Milano, 18 novembre 2013 - I suoi tempi d’oro sono passati da un pezzo. Il 7 novembre 1942 Fausto Coppi realizzò il suo record dell’ora proprio su quella pista. Il 24 giugno del 1965 i Beatles suonarono per la prima davanti al pubblico italiano proprio in quell’impianto. Il velodromo Vigorelli, allora, era una delle strutture sportive più importanti di Milano, per non dire d’Italia. Lì si teneva la mitica Sei giorni di ciclismo su pista, lì suonavano i più importanti gruppi rock. Altri tempi.

Ora il Vigorelli ospita partite di football americano e di rugby. Stop. La rinascita del velodromo tarda ad arrivare. Se ne parla da anni, almeno 15. Il 2013 sembrava l’anno buono. Ma niente da fare. Lo scontro tra il Comune (proprietario dell’impianto) e la direzione regionale ai Beni culturali e paesaggistici che fa capo al ministro Massimo Bray ha bloccato tutto. Il nodo da sciogliere? La pista di ciclismo da 400 metri. Il progetto del Comune, uscito fuori da un concorso internazionale di idee, punta a eliminare la pista e a sostituirla, all’occorrenza, con un percorso smontabile. La Sovrintendenza ai Beni culturali, invece, ha posto un vincolo. In pratica, uno stop al progetto.

Il dialogo tra i due enti pubblici è in corso. Ma la giunta di Palazzo Marino, lo scorso 13 novembre, ha deciso di fare ricorso al Tar contro il vincolo fissato dalla Sovrintendenza.

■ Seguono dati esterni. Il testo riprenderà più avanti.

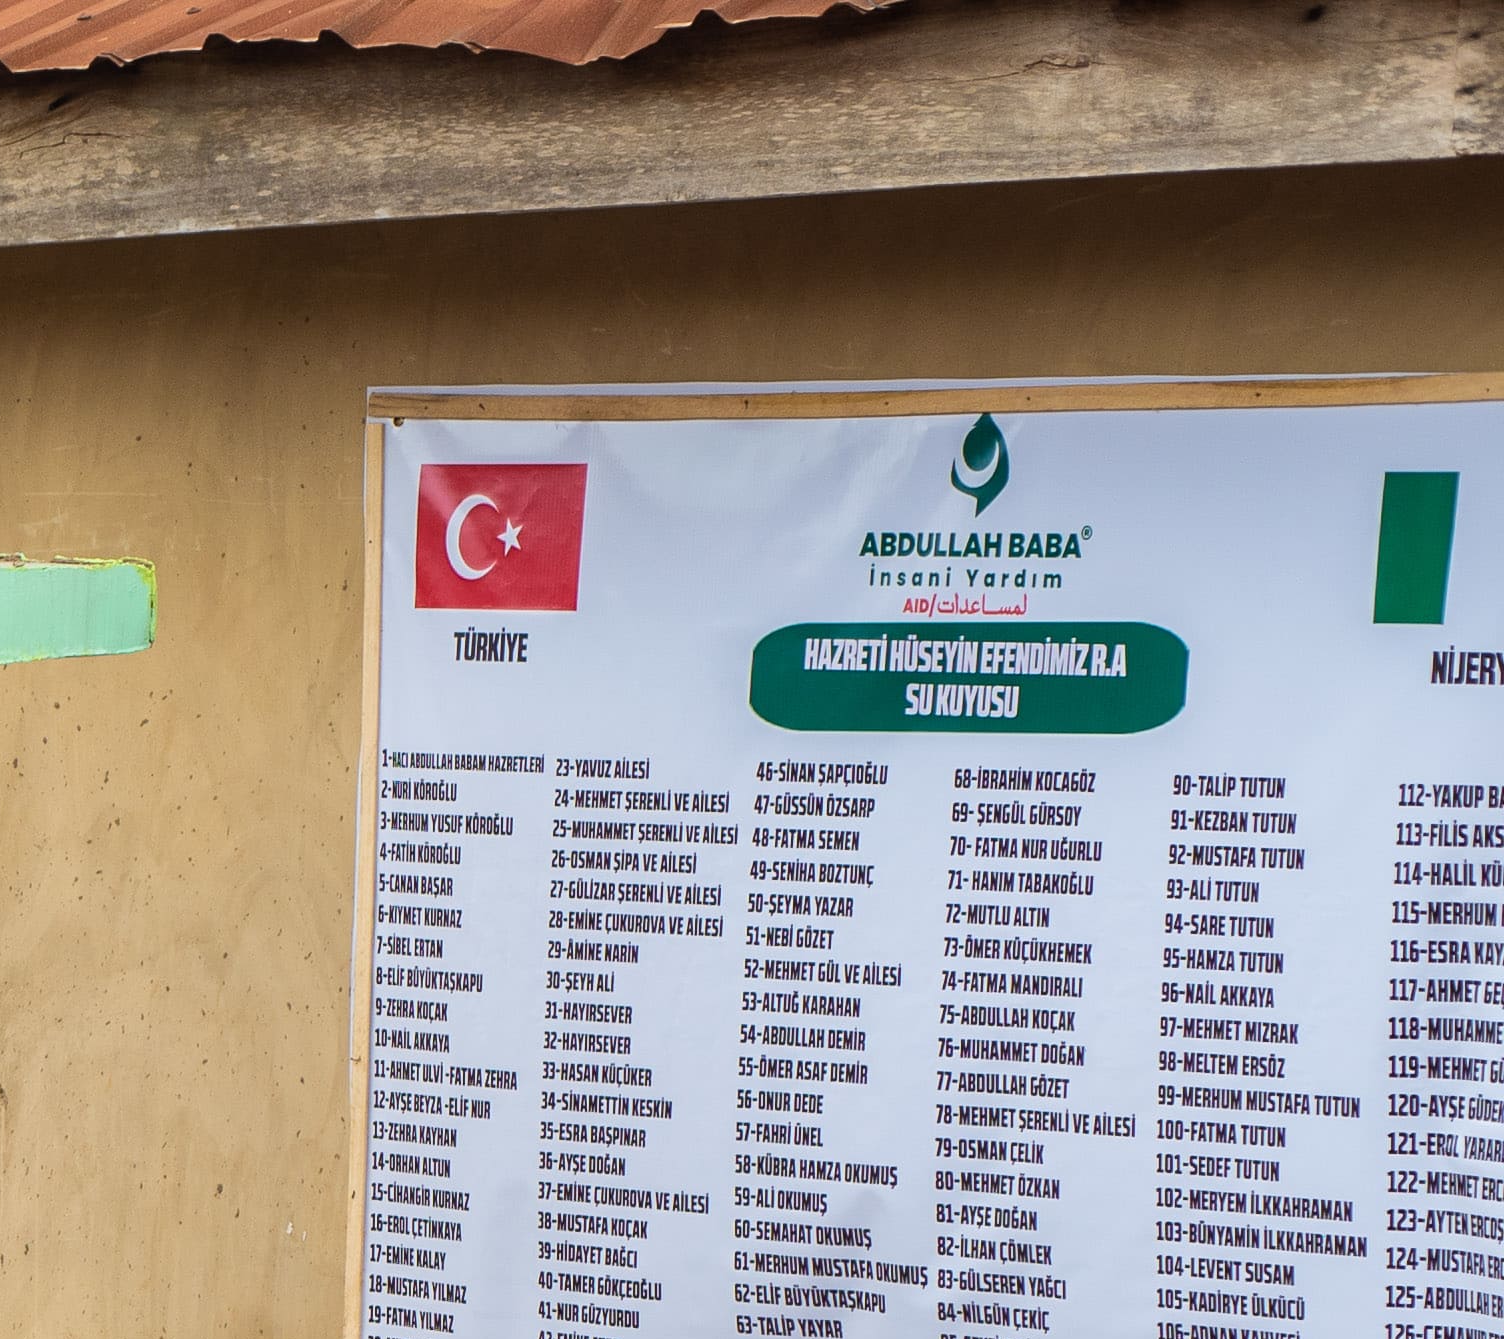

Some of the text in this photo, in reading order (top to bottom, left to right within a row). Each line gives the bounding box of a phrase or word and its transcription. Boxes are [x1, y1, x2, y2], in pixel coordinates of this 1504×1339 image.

[859, 531, 1002, 558] ABDULLAH
[870, 564, 1062, 588] İnsani Yardım
[454, 627, 528, 662] TÜRKİYE
[804, 633, 888, 671] HAZRETİ
[889, 635, 977, 674] HÜSEYİN
[982, 636, 1088, 676] EFENDİMİZ
[905, 683, 1020, 718] SU KUYUSU
[556, 758, 611, 778] 23-YAVUZ
[1240, 777, 1285, 798] TUTUN
[1399, 784, 1484, 808] 112-YAKUP
[555, 788, 622, 809] 24-MEHMET
[675, 793, 689, 812] VE
[952, 802, 974, 822] 69-
[752, 827, 859, 851] 48-FATMA SEMEN
[951, 836, 971, 856] 70-
[975, 837, 1017, 858] FATMA
[1021, 838, 1047, 860] NUR
[552, 849, 611, 870] 26-OSMAN
[643, 853, 657, 872] VE
[1169, 844, 1304, 870] 92-MUSTAFA TUTUN
[948, 869, 968, 890] 71-
[972, 870, 1015, 893] HANIM
[744, 958, 815, 981] 52-MEHMET
[845, 963, 860, 984] VE
[1163, 948, 1283, 974] 95-HAMZA TUTUN
[1390, 978, 1481, 1003] 117-AHMET
[545, 1001, 632, 1024] 31-HAYIRSEVER
[1161, 1016, 1298, 1044] 97-MEHMET MIZRAK
[938, 1037, 1037, 1063] 76-MUHAMMET
[543, 1061, 599, 1082] 33-HASAN
[796, 1060, 827, 1082] ASAF
[1158, 1085, 1360, 1118] 99-MERHUM MUSTAFA TUTUN
[540, 1121, 587, 1142] 35-ESRA
[800, 1159, 841, 1181] HAMZA
[1157, 1153, 1279, 1182] 101-SEDEF TUTUN
[936, 1170, 1015, 1195] 80-MEHMET
[538, 1211, 608, 1235] 38-MUSTAFA
[539, 1271, 595, 1294] 40-TAMER
[1157, 1255, 1294, 1286] 104-LEVENT SUSAM
[798, 1318, 843, 1339] YAYAR

Le posizioni restano distinte e distanti. Il vicesindaco con delega all’Urbanistica Ada Lucia De Cesaris e la direttrice regionale ai Beni culturali Caterina Bon Valsassina si sono viste anche di recente. Entro metà dicembre il Comune intende presentare una proposta per uscire dall’impasse. Una sorta di ‘piano B’ per riuscire a far sì che il Vigorelli possa essere utilizzato di più e meglio in tempi brevi. In attesa del pronunciamento del Tar sul vincolo relativo alla pista. Le due strade — piano B e ricorso al tribunale amministrativo — viaggiano in parallelo, sottolineano a Palazzo Marino.

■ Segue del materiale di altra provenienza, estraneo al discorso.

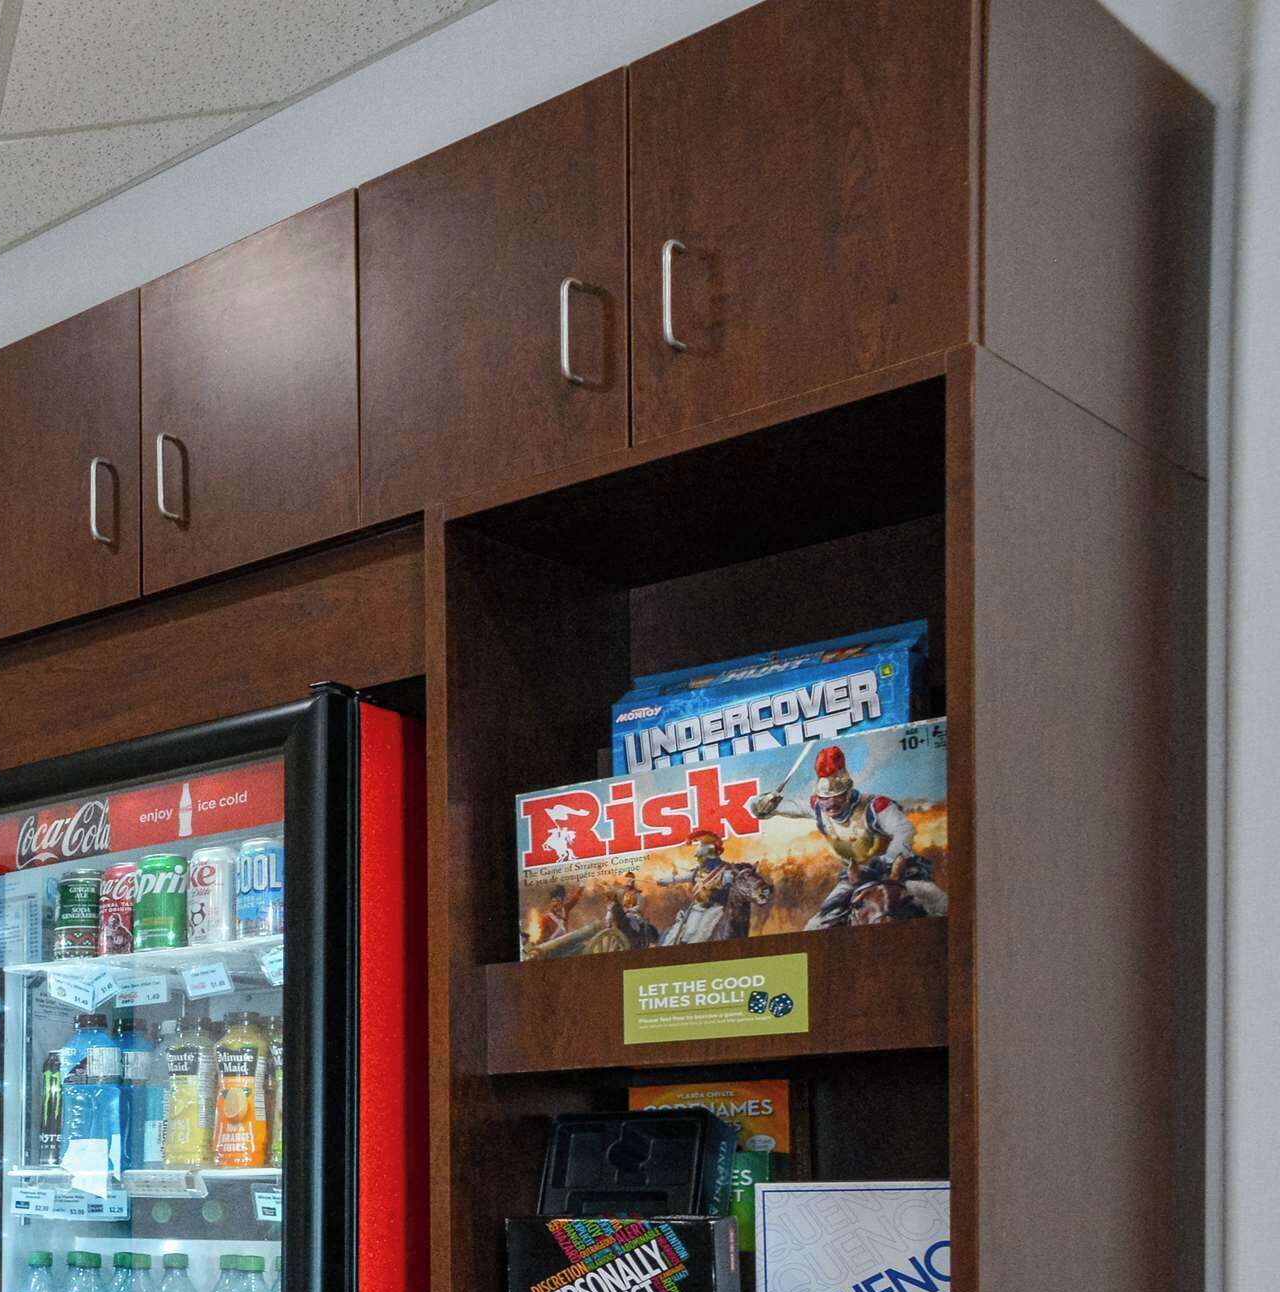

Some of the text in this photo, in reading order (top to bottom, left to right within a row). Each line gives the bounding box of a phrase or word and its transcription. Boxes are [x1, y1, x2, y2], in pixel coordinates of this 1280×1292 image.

A Milano, intanto, il dibattito pubblico sul futuro della vecchia pista, ormai neanche più omologata per gare ufficiali, è aperto. Le associazioni di amanti del ciclismo, un po’ romanticamente, difendono la pista delle imprese di Coppi e Maspes. Un’altra parte della città, forse maggioritaria, giudica invece positivamente il progetto di restyling.

Il progetto, presentato lo scorso 19 aprile e firmato da un gruppo di architetti guidato da Vittorio Grassi, punta a rendere il velodromo un impianto polifunzionale, simile a quelli già realizzati a Parigi-Bercy, Brema e Rotterdam. Una struttura che possa ospitare ciclismo, calcio, football americano, rugby, tennis, basket, sport invernali. Previsti la riduzione della capienza da 8mila a 5.570 posti, il rifacimento della copertura, la presenza di un’Accademia dello sport con tanto di foresteria (18 stanze doppie) e negozi.

Una riqualificazione totale che sarebbe finanziata dai 18 milioni di euro degli oneri di urbanizzazione che spettano al Comune per il progetto CityLife, il nuovo quartiere con tre maxi-grattacieli che sta sorgendo nell’area dove fino a qualche anno fa c’era la Fiera campionaria. Insomma, progetto pronto, soldi stanziati. Ma tutto congelato. Una situazione che ha fatto dire al presidente del Coni Giovanni Malagò: «Se salta il progetto lasciamo il Vigorelli come un monumento e quei soldi non si sa dove vanno a finire. Questo mi terrorizza. È una cosa insensata, vista la carenza di impianti sportivi a Milano».